La mobilità territoriale è un fenomeno multiforme. Nel lavoro specializzato è ormai qualcosa di fisiologico ed è il risultato di politiche di integrazione di cui Erasmus rappresenta un simbolo. Il nostro problema tuttavia è che i flussi in uscita sono ben superiori a quelli in entrata e questo è indicativo dell’attrattività del nostro Paese. Per altre qualifiche la mobilità è una necessità ma temo che inizino a evidenziarsi difficoltà per alcune città che sono attrattive per il lavoro ma con costi della vita elevati. Assistiamo anche ad altri fenomeni da leggere con grande attenzione. Penso ad esempio alle grandi dimissioni: non si tratta di persone che decidono di abbandonare il lavoro e andare al parco, ma durante la fase acuta della pandemia hanno modificato stili di vita e abitudini grazie allo smart working. Ci sono persone, specialmente nel settore dei servizi, che hanno cambiato lavoro trovandone uno di qualità migliore.
La fuga dalle città nel mondo anglosassone ha raggiunto dimensioni importanti. Anche in Italia accadrà lo stesso e come contrastarla?
Intanto c’è un tema di flessibilità delle retribuzioni per rispondere alla sfida della mobilità territoriale. Non sto parlando di gabbie salariali ma è evidente che serve uno sviluppo e un potenziamento della contrattazione a livello territoriale. E’ una questione rilevante, un processo che richiede molta attenzione. Mi chiedo cosa succederà nelle grandi città se la fuga di parte della popolazione raggiungerà dimensioni consistenti.

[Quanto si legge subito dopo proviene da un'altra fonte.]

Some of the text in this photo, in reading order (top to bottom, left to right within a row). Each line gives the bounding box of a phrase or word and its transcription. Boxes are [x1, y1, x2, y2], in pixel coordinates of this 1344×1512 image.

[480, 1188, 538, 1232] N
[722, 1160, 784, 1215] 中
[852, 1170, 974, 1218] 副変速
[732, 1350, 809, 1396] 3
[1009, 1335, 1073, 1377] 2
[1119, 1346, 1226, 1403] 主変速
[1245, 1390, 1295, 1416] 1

Torniamo ai posti vacanti. Ormai ci sono figure professionali e competenze praticamente introvabili. Quali soluzioni?
Ci sono rimedi a breve, medio e lungo termine da sviluppare. Nel medio termine ad esempio si deve migliorare l’orientamento scolastico, sostenere la mobilità territoriale, favorire il rientro di lavoratori italiani specializzati dall’estero, il lavoro da remoto e la riduzione del part-time involontario.
La formazione diventa sempre più un elemento fondamentale?

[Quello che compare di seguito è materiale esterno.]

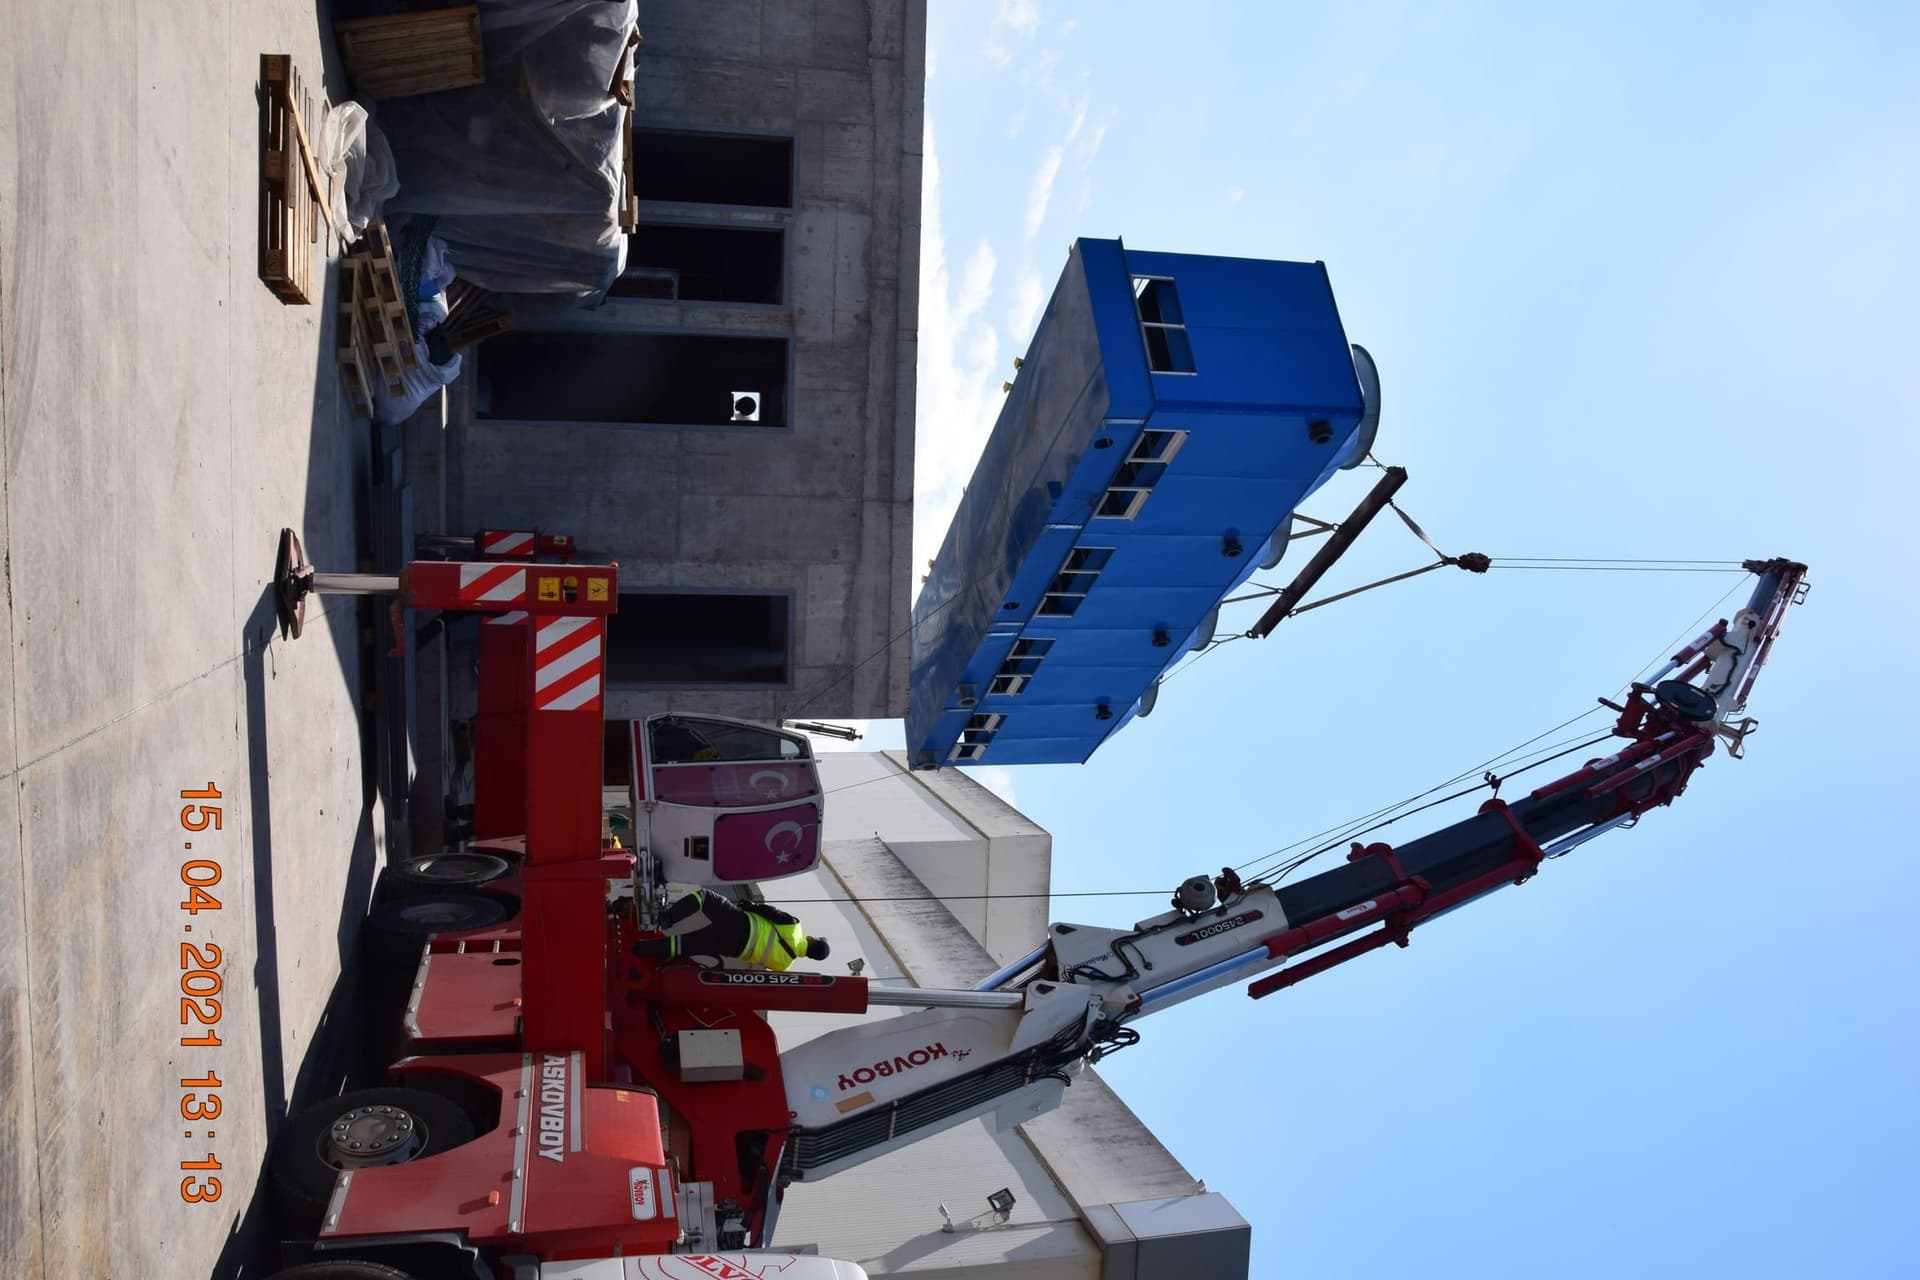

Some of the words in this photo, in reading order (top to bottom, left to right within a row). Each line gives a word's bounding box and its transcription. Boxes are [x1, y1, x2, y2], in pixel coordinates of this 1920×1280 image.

[769, 974, 800, 984] 245
[838, 1042, 948, 1091] KOVBOY
[538, 1055, 566, 1162] ASKOVBOY

E’ evidente che occorrono interventi strutturali, dalla creazione dei nuovi ITS alla formazione post-scolastica nell’ambito di politiche per la formazione. Serve una riflessione sul contratto di apprendistato, si possono immaginare sussidi pubblici per compensare le imprese. Tuttavia dobbiamo considerare che la relazione di lavoro è molto più articolata rispetto al semplice scambio tra orario della prestazione e retribuzione. Ogni relazione dovrebbe rappresentare il reciproco investimento che migliora la stabilità del rapporto di lavoro e la competitività del sistema. Ciò che si può notare è che entrambe le parti non investono nella relazione, ognuno concede il minimo e riceve il minimo e la conseguenza è che la relazione termina troppo presto.